▶ _ABOUT THIS TASK_: Please set down every line of the records below exactly, without the pictures.

▶ _Stored data entries_:
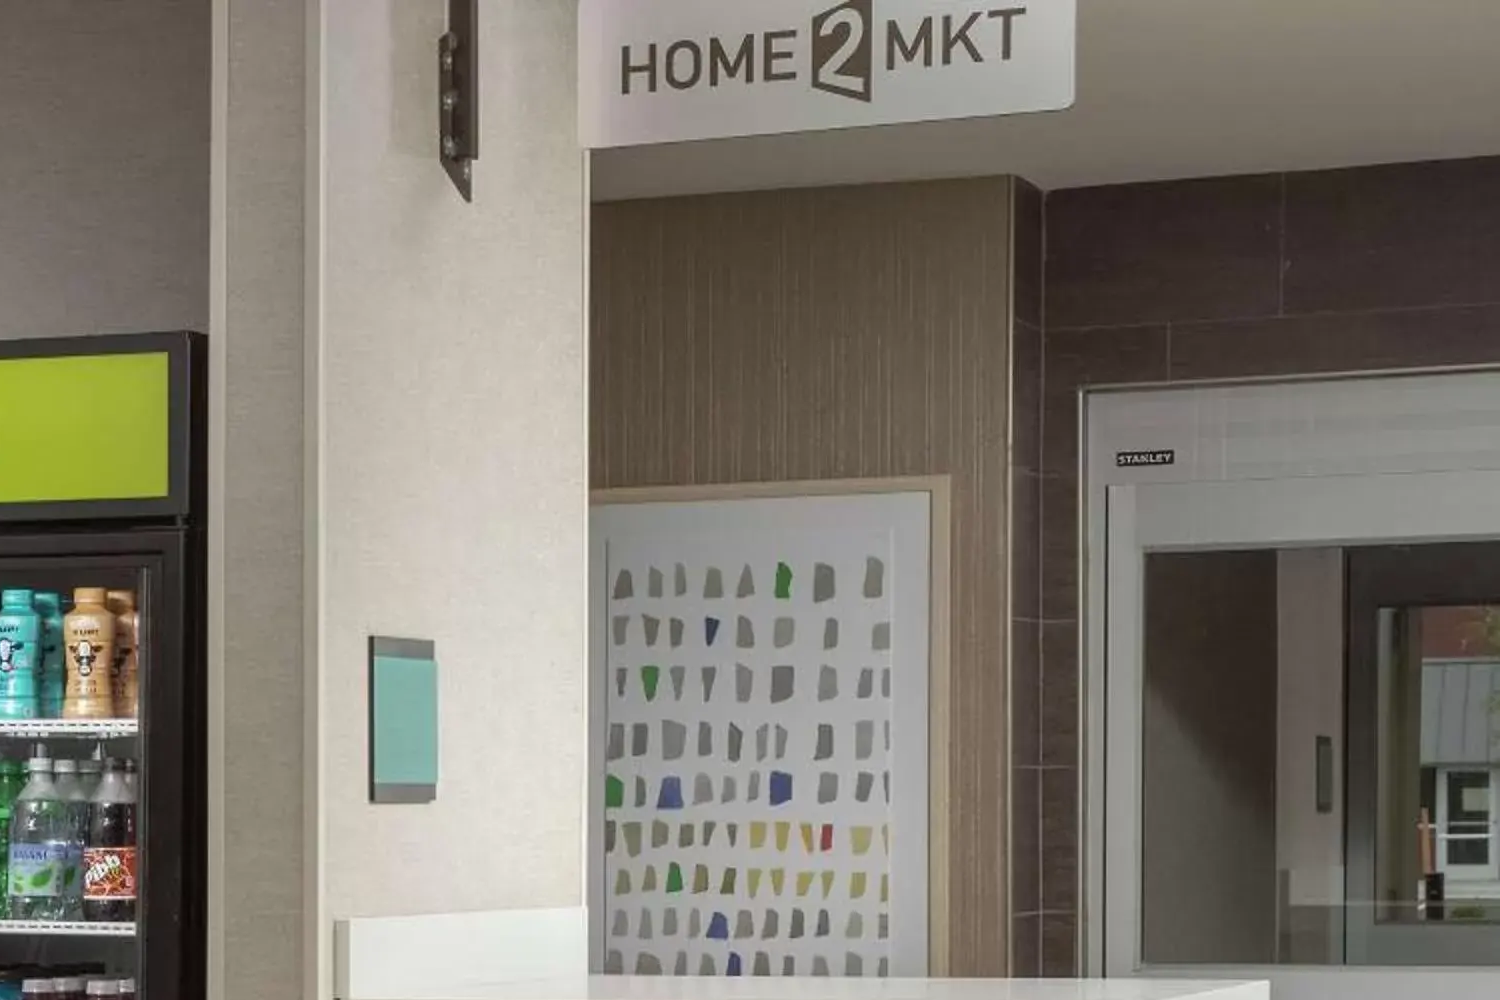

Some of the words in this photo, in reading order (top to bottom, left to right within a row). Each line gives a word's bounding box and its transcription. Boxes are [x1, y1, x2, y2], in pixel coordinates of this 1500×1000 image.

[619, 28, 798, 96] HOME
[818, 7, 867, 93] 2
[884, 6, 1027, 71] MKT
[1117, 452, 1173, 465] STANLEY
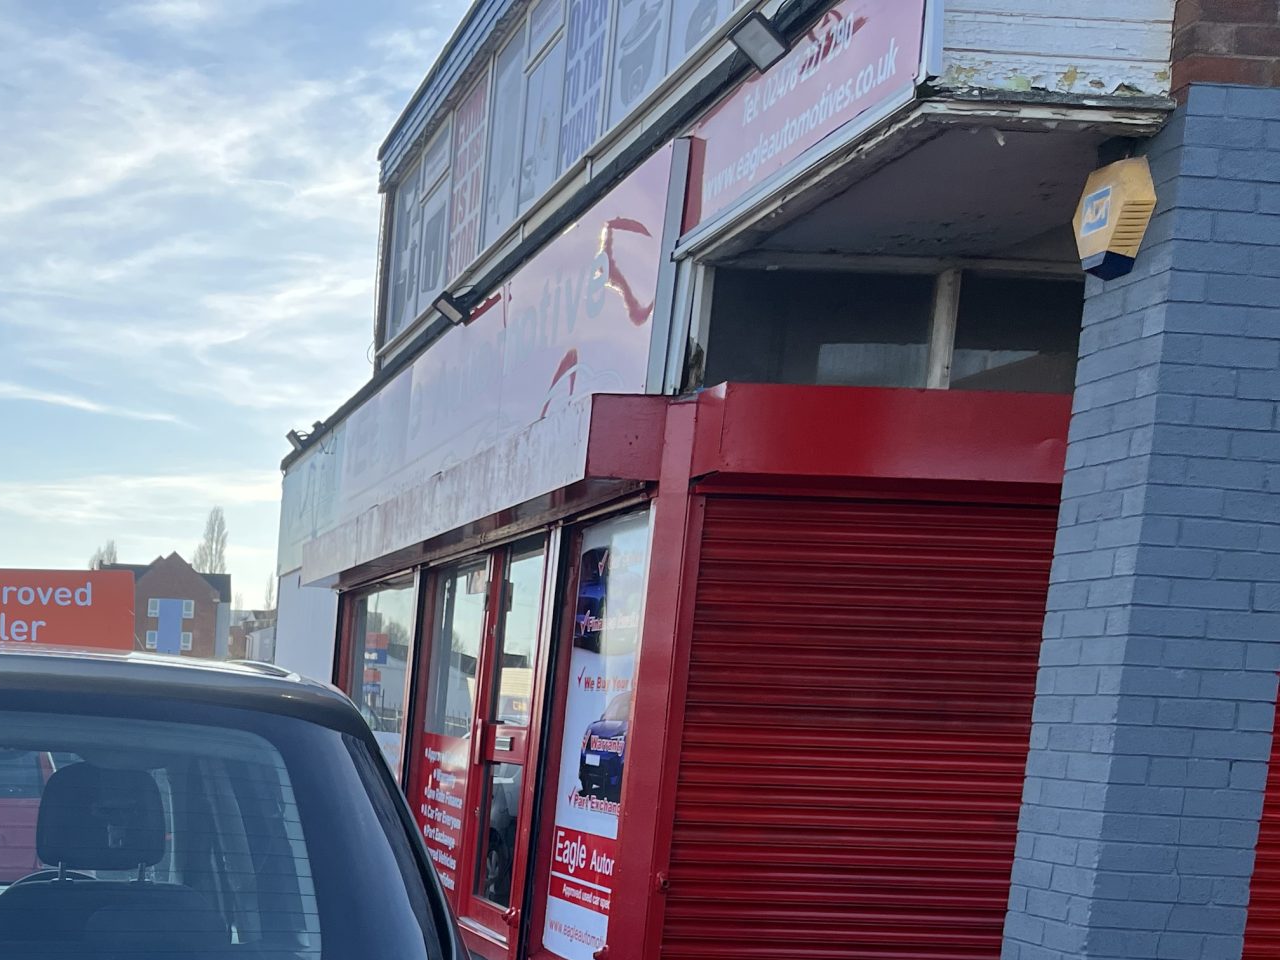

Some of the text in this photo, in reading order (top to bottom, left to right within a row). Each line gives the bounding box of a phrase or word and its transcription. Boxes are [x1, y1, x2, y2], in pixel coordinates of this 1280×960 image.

▶ _TASK RESPONSE_:
Some of the words in this photo, in reading order (top to bottom, left to right within a row). Each line gives a word's bounding box and its transcription. Boxes are [x1, y1, x2, y2], in pixel coordinates of this 1500×1000 image.

[619, 28, 798, 96] HOME
[818, 7, 867, 93] 2
[884, 6, 1027, 71] MKT
[1117, 452, 1173, 465] STANLEY

Some of the text in this photo, in reading order (top to bottom, left to right within a row). Each line gives the bounding box of a phrase or word and its transcription. Boxes are [x1, y1, x2, y2], in pixel coordinates of this 1280×960 image.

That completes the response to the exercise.